(Records provided Opens)

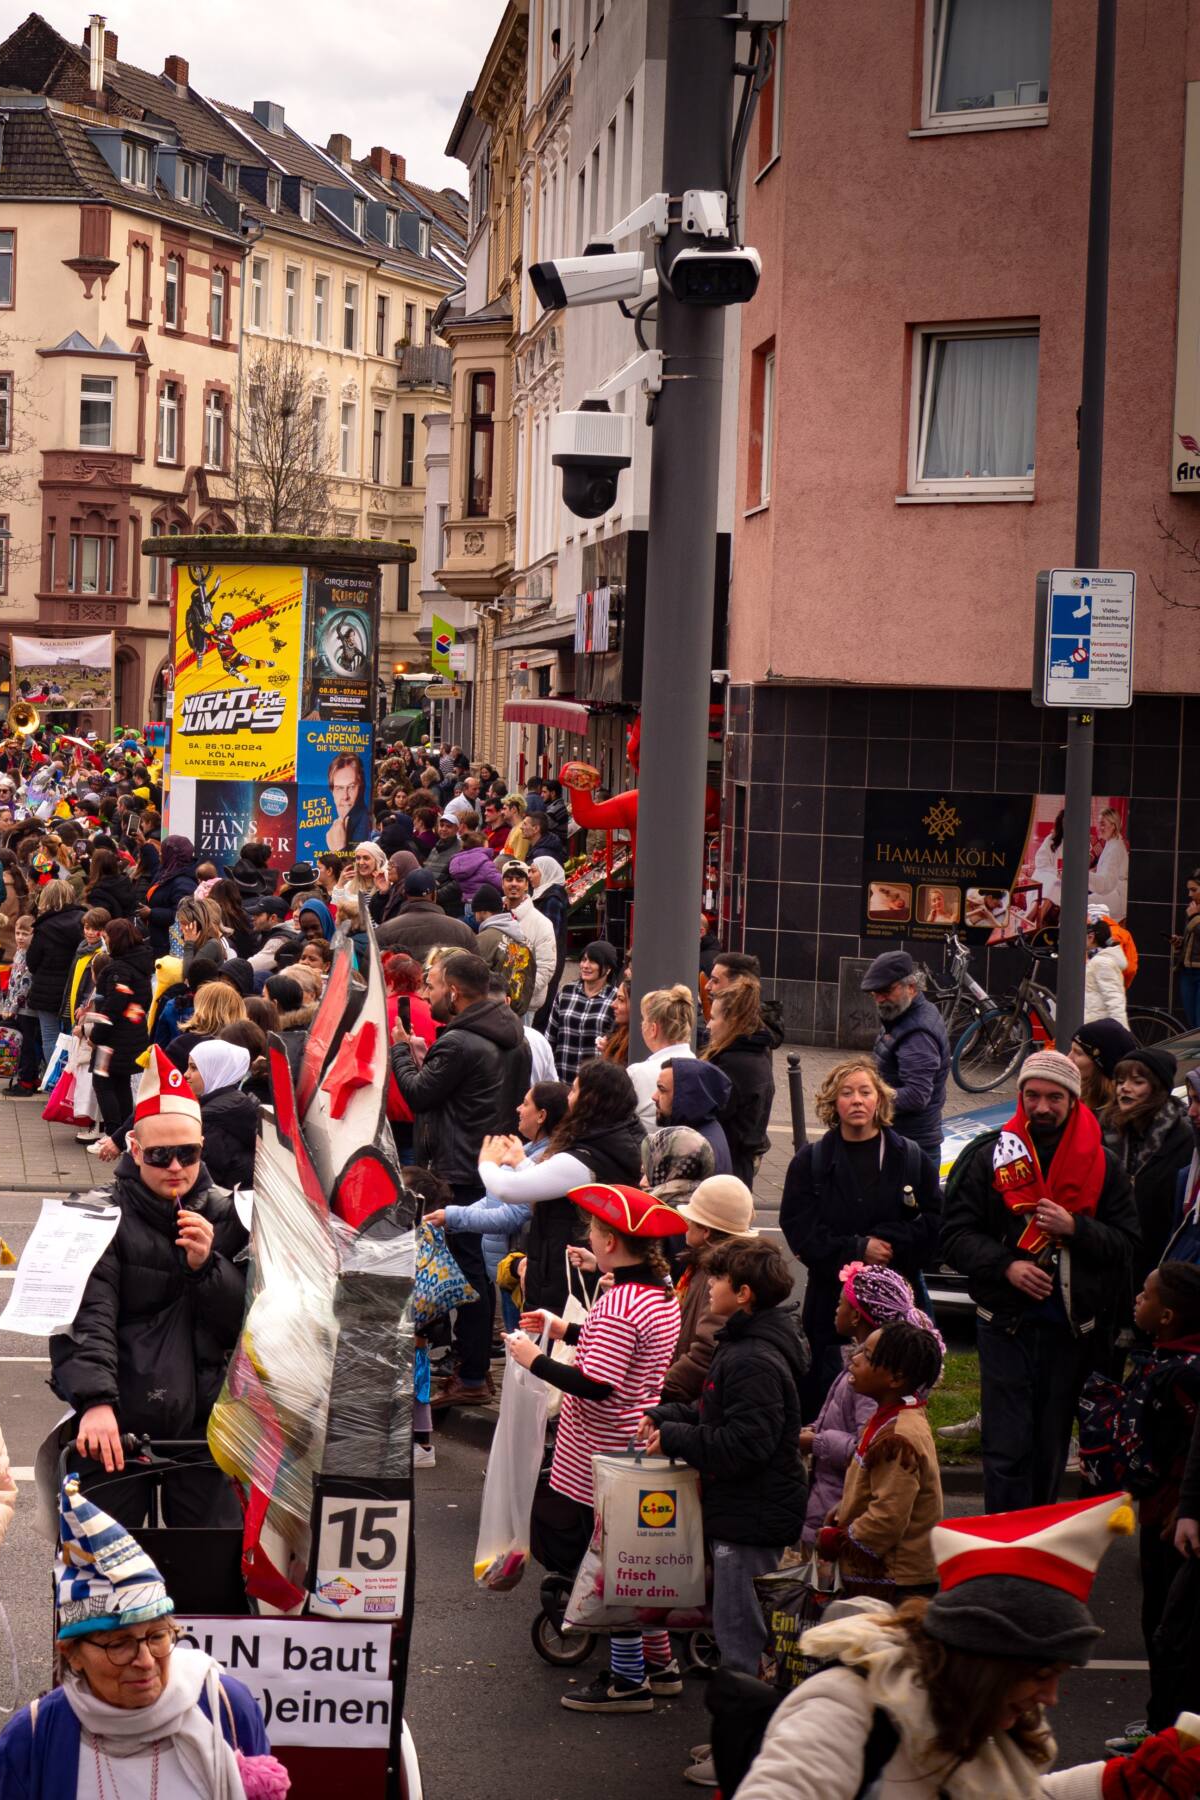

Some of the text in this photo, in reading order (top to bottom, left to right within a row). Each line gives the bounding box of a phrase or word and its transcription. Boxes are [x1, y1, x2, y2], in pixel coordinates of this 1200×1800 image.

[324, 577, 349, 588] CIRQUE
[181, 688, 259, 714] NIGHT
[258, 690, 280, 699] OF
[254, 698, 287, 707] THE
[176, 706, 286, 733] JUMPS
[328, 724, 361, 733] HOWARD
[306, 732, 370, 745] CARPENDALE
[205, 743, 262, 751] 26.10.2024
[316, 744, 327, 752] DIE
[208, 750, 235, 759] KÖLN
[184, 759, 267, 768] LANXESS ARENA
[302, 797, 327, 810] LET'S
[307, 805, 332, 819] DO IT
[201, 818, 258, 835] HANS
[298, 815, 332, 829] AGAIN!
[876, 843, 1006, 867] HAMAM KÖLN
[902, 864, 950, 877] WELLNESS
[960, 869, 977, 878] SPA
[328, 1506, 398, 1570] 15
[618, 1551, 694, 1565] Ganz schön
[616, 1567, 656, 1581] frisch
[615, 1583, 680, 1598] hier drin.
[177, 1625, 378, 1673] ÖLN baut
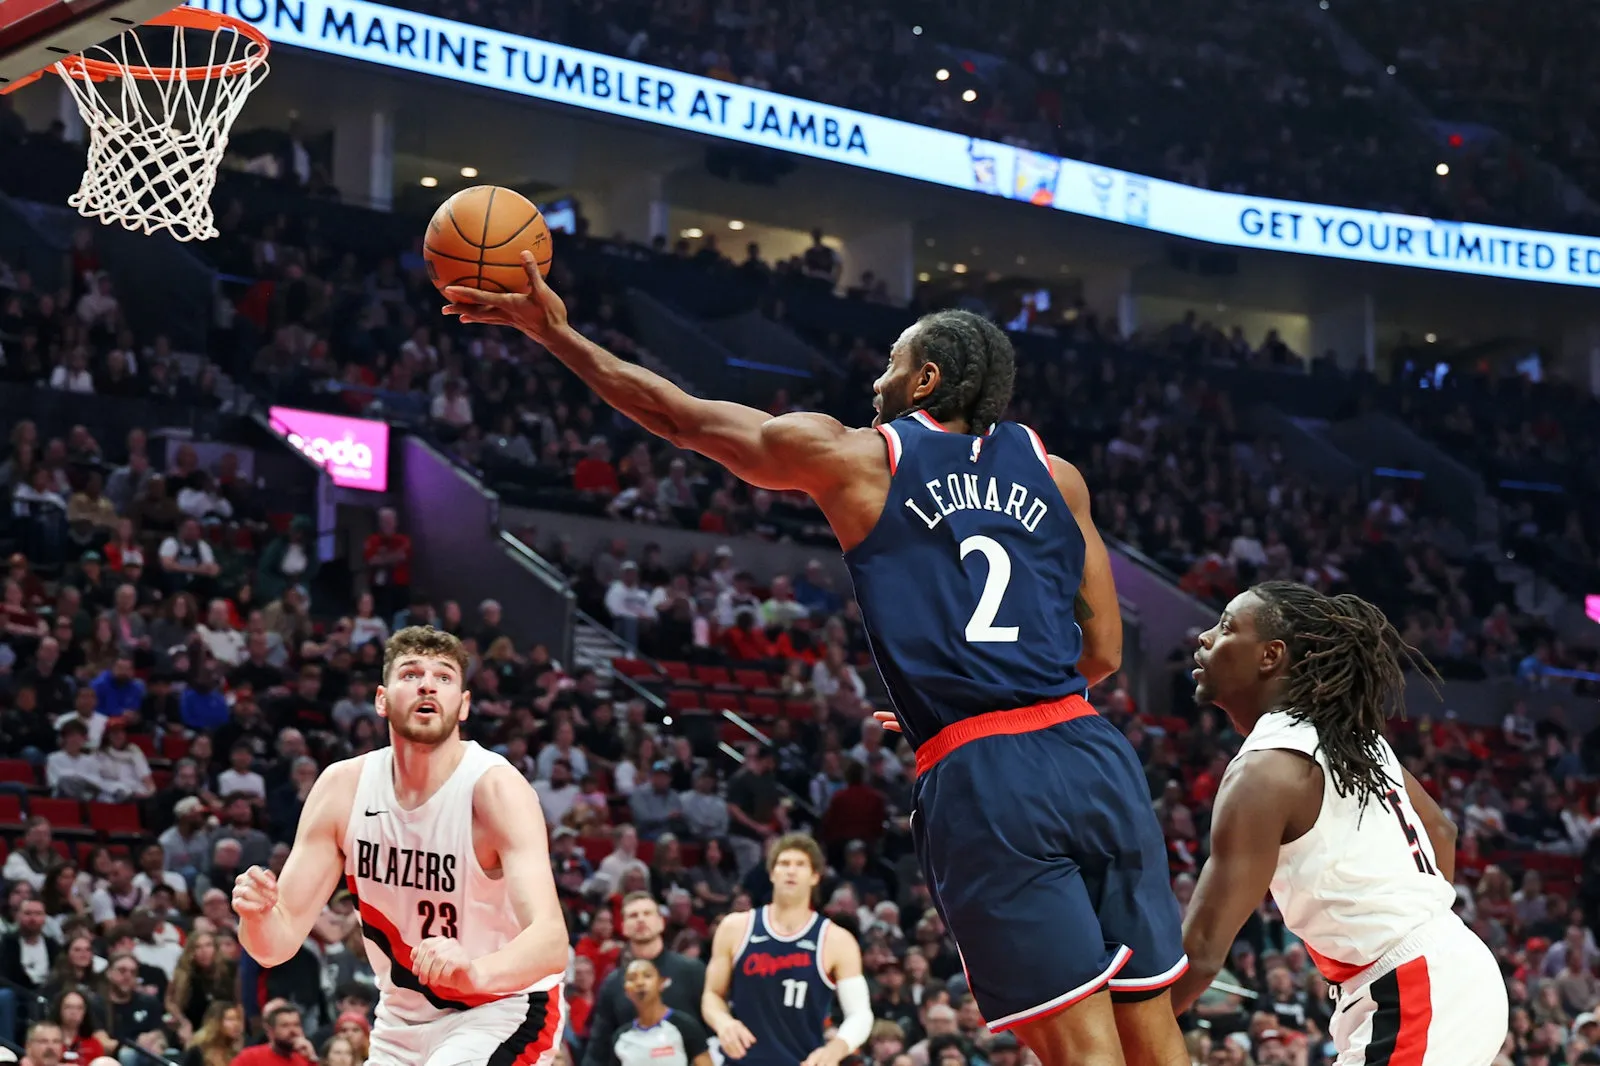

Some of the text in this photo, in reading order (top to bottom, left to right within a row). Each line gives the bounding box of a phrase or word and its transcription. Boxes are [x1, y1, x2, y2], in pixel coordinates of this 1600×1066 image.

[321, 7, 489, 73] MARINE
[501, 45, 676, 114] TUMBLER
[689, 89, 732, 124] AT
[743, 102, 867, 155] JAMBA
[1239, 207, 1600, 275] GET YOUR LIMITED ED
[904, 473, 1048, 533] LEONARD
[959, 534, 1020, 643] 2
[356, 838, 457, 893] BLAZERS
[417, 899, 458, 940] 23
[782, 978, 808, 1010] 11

(Records provided Closes)

▶ _Assigned task_: Copy exactly, and only, the lines from the line that contains "this 1600×1066 image." through the end of the data above.

▶ _Answer section_:
Some of the text in this photo, in reading order (top to bottom, left to right within a row). Each line gives the bounding box of a phrase or word and its transcription. Boxes are [x1, y1, x2, y2], in pixel coordinates of this 1600×1066 image.

[321, 7, 489, 73] MARINE
[501, 45, 676, 114] TUMBLER
[689, 89, 732, 124] AT
[743, 102, 867, 155] JAMBA
[1239, 207, 1600, 275] GET YOUR LIMITED ED
[904, 473, 1048, 533] LEONARD
[959, 534, 1020, 643] 2
[356, 838, 457, 893] BLAZERS
[417, 899, 458, 940] 23
[782, 978, 808, 1010] 11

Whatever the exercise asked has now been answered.